これなら、コマンド行から即座に実行できます。 ファイル名に shell の補完も効きますし。

% chmod +x A.pm
% ./A.pm world
Hello world

また、perlデバッガーを呼び出したい時も頭に perl -d を付けるだけです。余計なコーディングは不要です。

% perl -d ./A.pm world

OOP なモジュールの unless caller には何を書くと便利か

サブコマンドをメソッドに

先程の A.pm は unless caller ブロックで A->hello を直接呼び出していました。

しかし大抵のクラスのオブジェクトは複数のメソッドを持つでしょう。 他のメソッドを試したい時は、やはり CLI に長いコマンドを書く必要が生じます。

% perl -I. -MA -le 'print A->new(name => "world")->goodnight'

なら git のようにサブコマンドを取ることにして、 それをメソッド名として解釈してはどうでしょう?つまり unless caller ブロックに第一引数に基づく dispatch 処理を組み込むのです。 (引数不足のエラー処理は省略します)

unless (caller) {
  my $self = A->new(name => "world");
  my $cmd = shift;  # CLI の第一引数をメソッド名に使う
  print $self->$cmd(@ARGV), "\n";
}

これで任意のメソッド名を呼び出すことが出来ます

% ./A.pm goodnight
Good night world

posix long オプションを new の引数に

任意のメソッドを呼び出すことは出来るようになりました。…けど、まだ不満が有りますね? そう、new の引数が name => "world" に固定なのです。これもコマンド行から変更可能にしたい。

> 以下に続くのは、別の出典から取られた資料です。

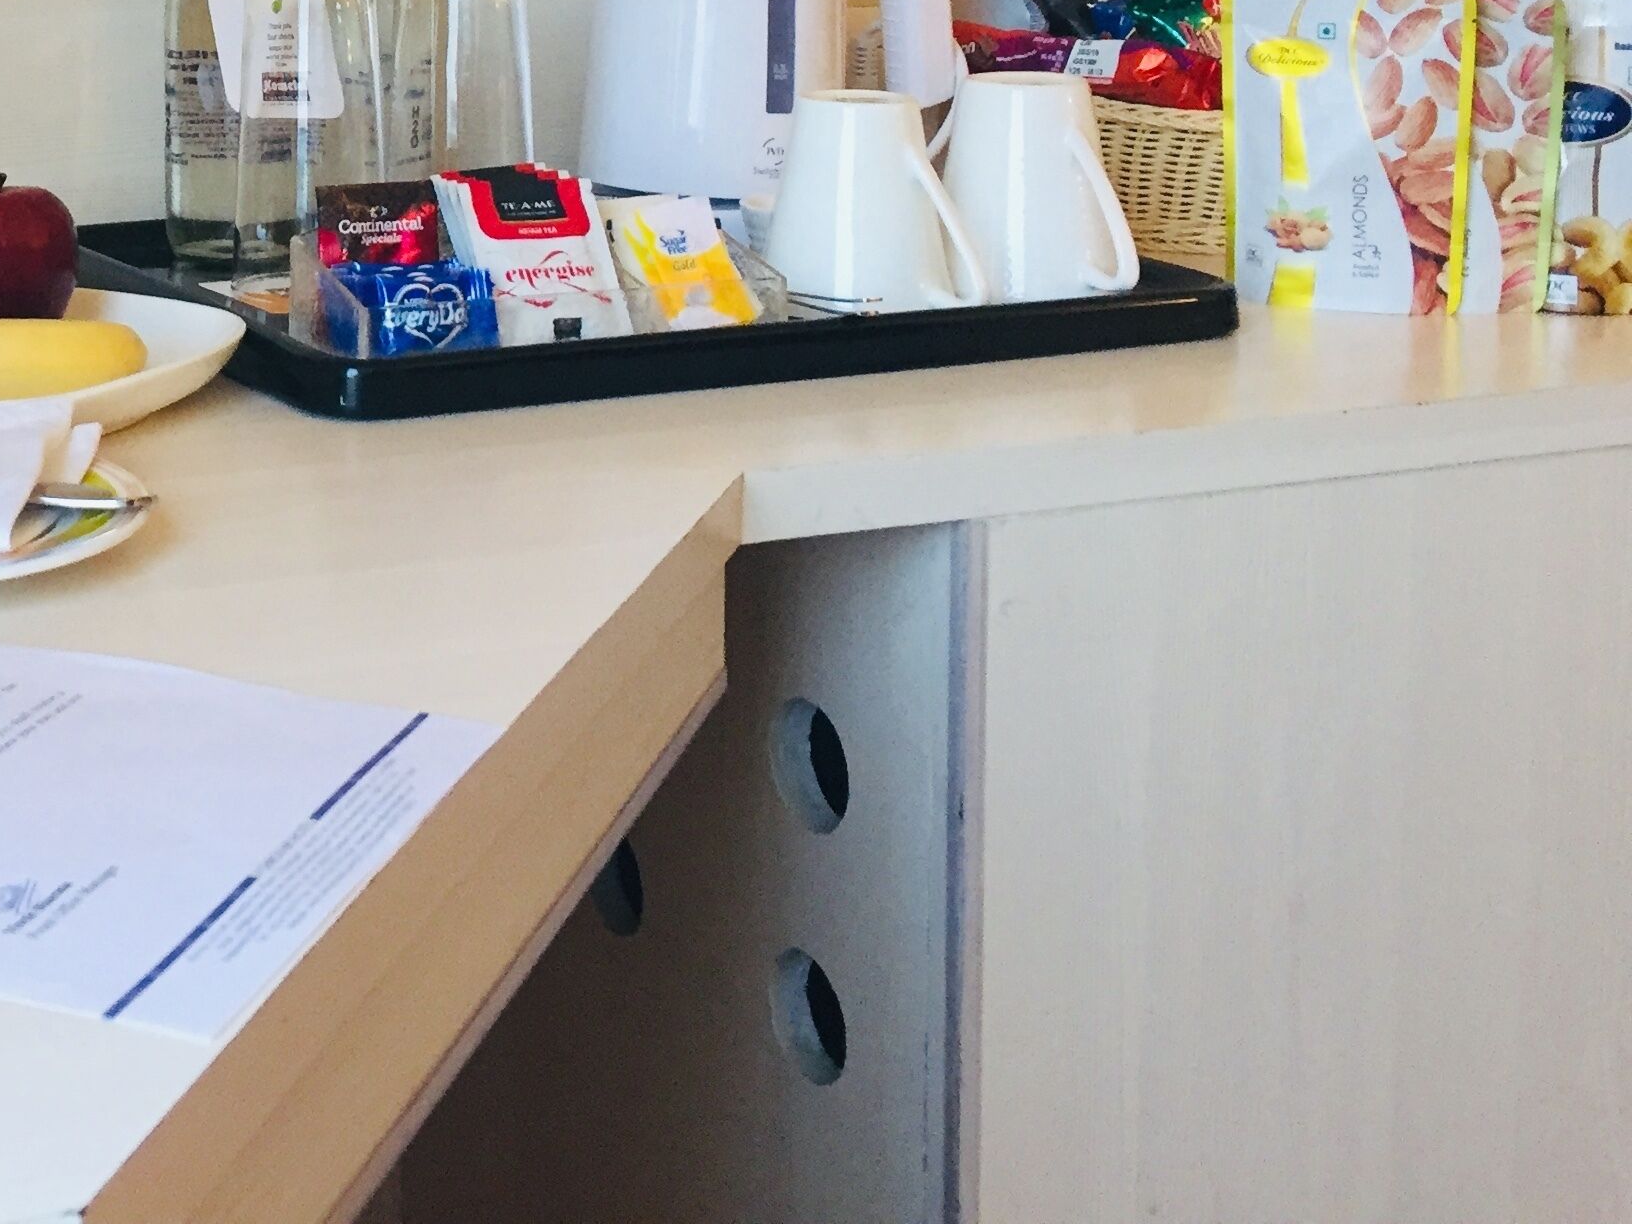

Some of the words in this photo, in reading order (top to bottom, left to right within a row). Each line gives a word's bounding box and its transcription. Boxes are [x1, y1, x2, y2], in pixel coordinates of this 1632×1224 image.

これも git のように、サブコマンドの前の --name=value スタイルの引数列を全て new に渡すようにしては どうでしょう?

unless (caller) {
  # CLI から渡された --name=value 形式の引数を全て new に渡す
  my $self = A->new(name => 'world', _parse_posix_opts(\@ARGV));
  my $cmd = shift;
  print $self->$cmd(@ARGV), "\n";
}

sub _parse_posix_opts {
  my ($list) = @_;
  my @opts;
  while (@$list and $list->[0] =~ /^--(?:(\w+)(?:=(.*))?)?\z/s) {
    shift @$list;
    push @opts, $1, $2 // 1;
  }
  @opts;
}

これで new の引数も CLI から制御できるようになりました。

% ./A.pm hello
Hello world
% ./A.pm --name=Perl hello
Hello Perl

まとめ

Perl のクラス定義に unless (caller) ブロックを加えて、 オブジェクトの挙動をコマンド行から簡単に試せるようにする技法の基礎について 解説しました。

OO Modulino には他にも

  • Modulino の @INC 調整に FindBin を使った場合に起きる問題とその対処法
  • オブジェクトのメンバー変数を use fields で宣言しておき、メソッドの引数宣言を my TYPE $self のようにクラス名も書くことで、メンバー変数の typoコンパイル時に検出する
    • 加えて new 時に fields::new($class) を使うことで、不正なオプションを渡されても実行時エラーにする
  • メソッドの戻り値は Data::DumperJSON を使ってシリアライズして出力する
    • CLI 専用に作ったメソッドと一般のメソッドを区別できるよう、 cmd_ などのメソッド名接頭辞を予め決めておく。
  • CLI の引数に {..} [..] が現れた場合は JSON として扱う
  • ./A.pm <TAB> でメソッド名やオプション名を補完する zsh completer

などの発展的な話題があります。それらを全て盛り込んだベースクラス MOP4Import::Base::CLI_JSON の話も、機会が有れば書いてみたいと思います。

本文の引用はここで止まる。